- _GIVEN RECORDS_:
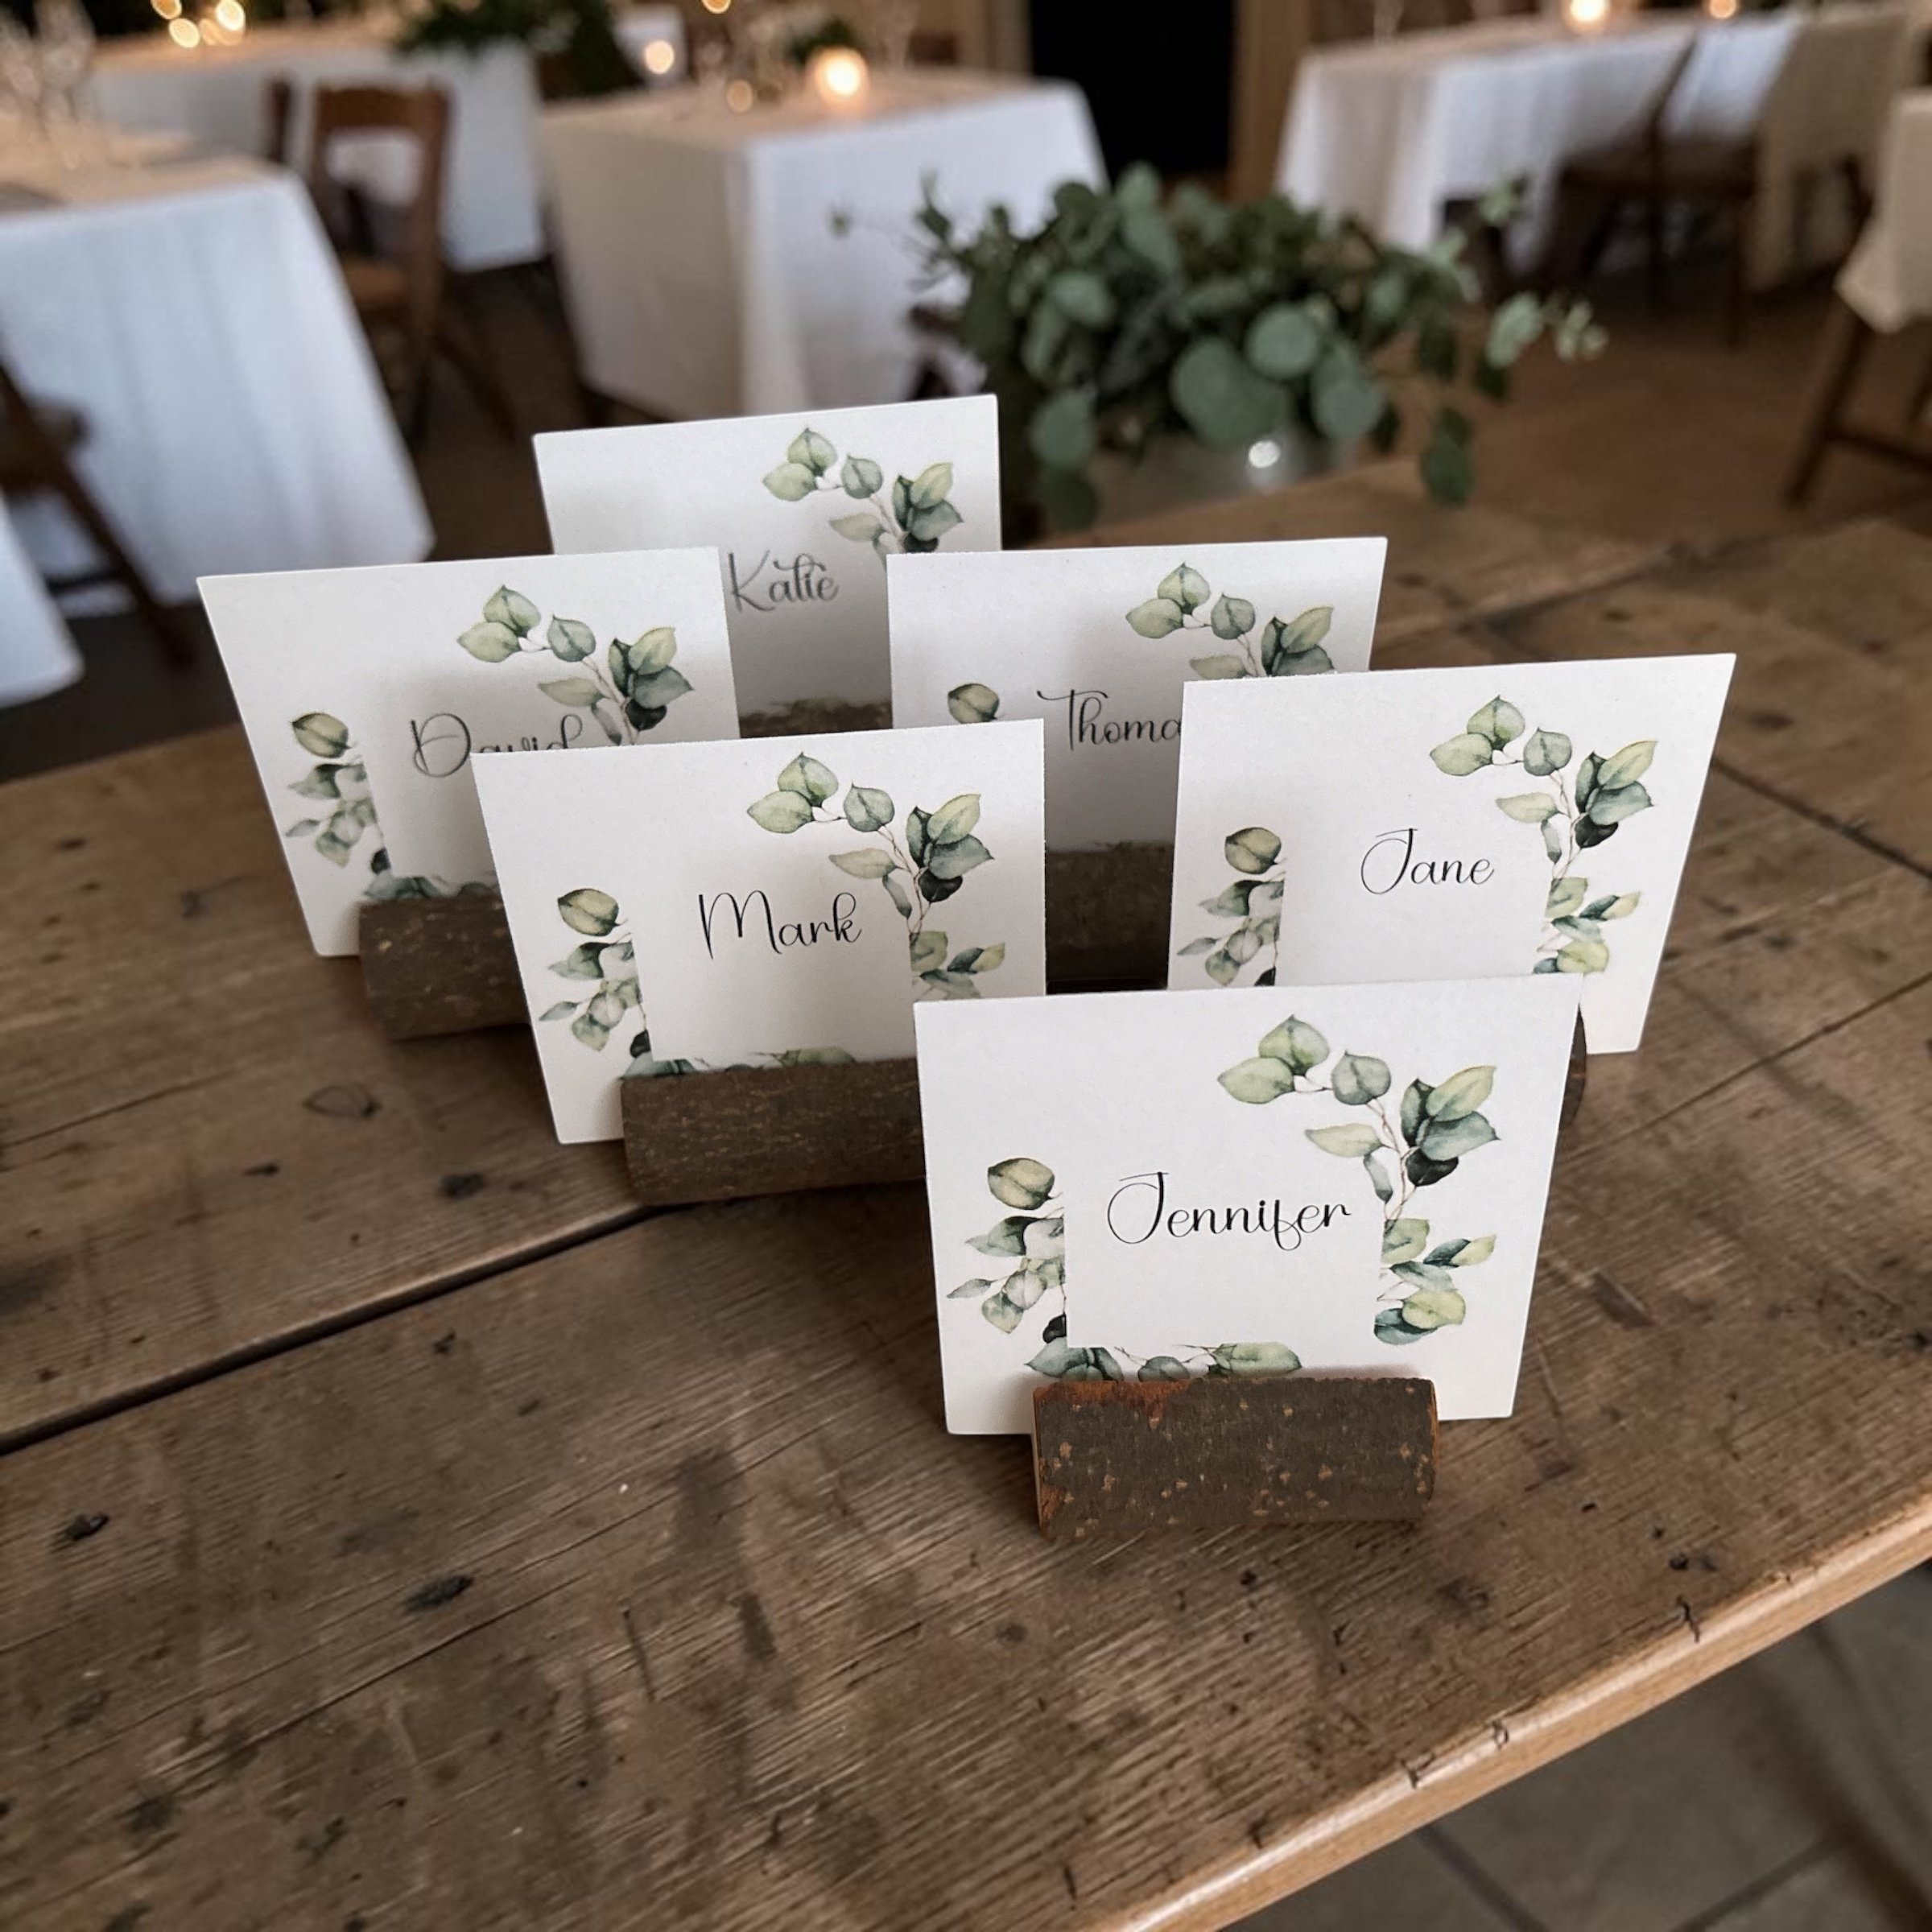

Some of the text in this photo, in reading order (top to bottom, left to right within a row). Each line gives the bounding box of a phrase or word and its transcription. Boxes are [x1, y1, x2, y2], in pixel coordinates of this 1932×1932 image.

[728, 551, 839, 613] Katie
[1037, 689, 1181, 751] Thoma
[1361, 828, 1495, 894] Jane
[699, 890, 861, 960] Mark
[1107, 1171, 1352, 1251] Jennifer

- _WHAT YOU SHOULD DO_:
Copy all the material above exactly, but skip each image.

- _SOLVED EXERCISE_:
Some of the text in this photo, in reading order (top to bottom, left to right within a row). Each line gives the bounding box of a phrase or word and its transcription. Boxes are [x1, y1, x2, y2], in pixel coordinates of this 1932×1932 image.

[728, 551, 839, 613] Katie
[1037, 689, 1181, 751] Thoma
[1361, 828, 1495, 894] Jane
[699, 890, 861, 960] Mark
[1107, 1171, 1352, 1251] Jennifer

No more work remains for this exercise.